部下を叱る姿でさえ爽やかで微笑ましいのだ。

怒っている最中に「俺は怒っているんだぞ!」と自分で自分を解説したりしていた。

「罪を憎んで人を憎まず」という至難のわざが実践できていた人だった。

凡人が人を叱るときは、犯した罪よりも罪を犯した人を憎むことが多い。

そんな人が他人を叱る姿は、はた目にも見苦しい。

私自身もその部類だったのだが、滑稽なことに私は若い時ほど自分に自信があった。

しかし年をとるにつれて、謙遜でなく自分の愚かさを実感するようになった。

お釈迦様によれば「自分を愚かだと知っている者は愚かではない、自分を賢いと思い上がっている者が本当の愚か者である」ということだから、遅きに失したとはいえ少しはましな人間になったのかもしれない。



●2019.1.11(金)情けない伊右衛門

合コンだの婚活だの、色恋ざたに気をとられている若者を見ると冷や水を浴びせたくなる。

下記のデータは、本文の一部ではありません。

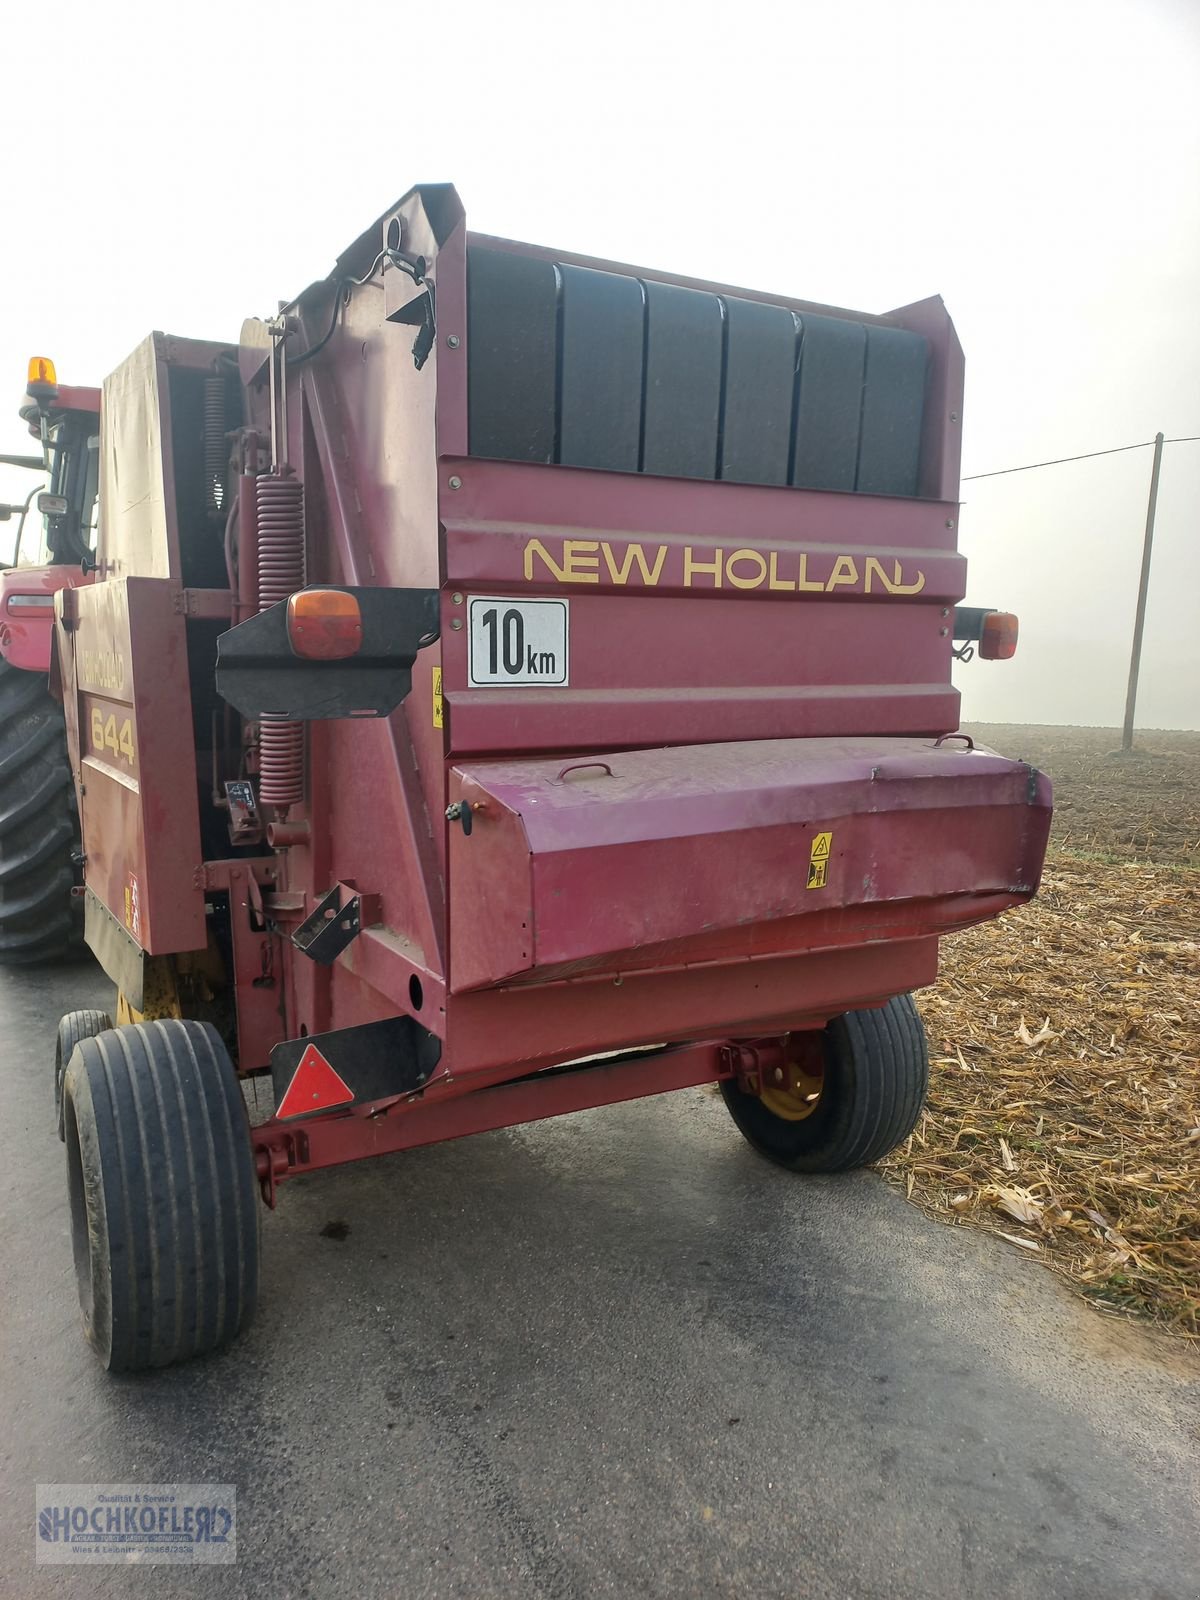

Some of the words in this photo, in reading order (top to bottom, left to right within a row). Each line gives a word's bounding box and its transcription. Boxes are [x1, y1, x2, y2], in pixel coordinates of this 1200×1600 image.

「優しさが一番だなどと言ってるが、恋人が火傷を負って顔一面にケロイドが残っても愛し続けられるのか?」

翻って自分の妻がそうなったらと自問してみると、私はそれでも妻が愛しく思える。

私なら四谷怪談を四谷美談にできそうだ。

と、ここまで書き終えた時、「今日はゴミ出しの日よ!」とお岩が急き立てる。


閑話休題それはさておき、性愛を離れた愛は庇護の情なのではないだろうか。

しっかりした女性がダメ男に惹かれることがあるのもそういった面があるのではと思われる。

犬にしても、客観的には美的な顔立ちと思えない犬種も庇護の情をもってすれば十分に愛すべき対象になりうる。

まだまだ書き足りないのだが、ゴミを出しに行かねばならない。



●2019.1.12(土)きめつけと例外

「とかく男は~だ、女は~だ」というたぐいの話をすると、妻は「それってきめつけよ。そんな言い方したら人に嫌われるわよ。男・女でなく、その人は~って言うべきでしょ」と反撃の矢を放ってくる。

「70%以上当てはまりそうなら統計学上は『とかく~は』と一括りにして話していいんだよ」と言いたいが、二の矢、三の矢が飛んできそうなので黙り込むことにした。


で、妻に聞こえないように「とかく女は花が好きで、男はそうでもない」と小声で言うことにしよう。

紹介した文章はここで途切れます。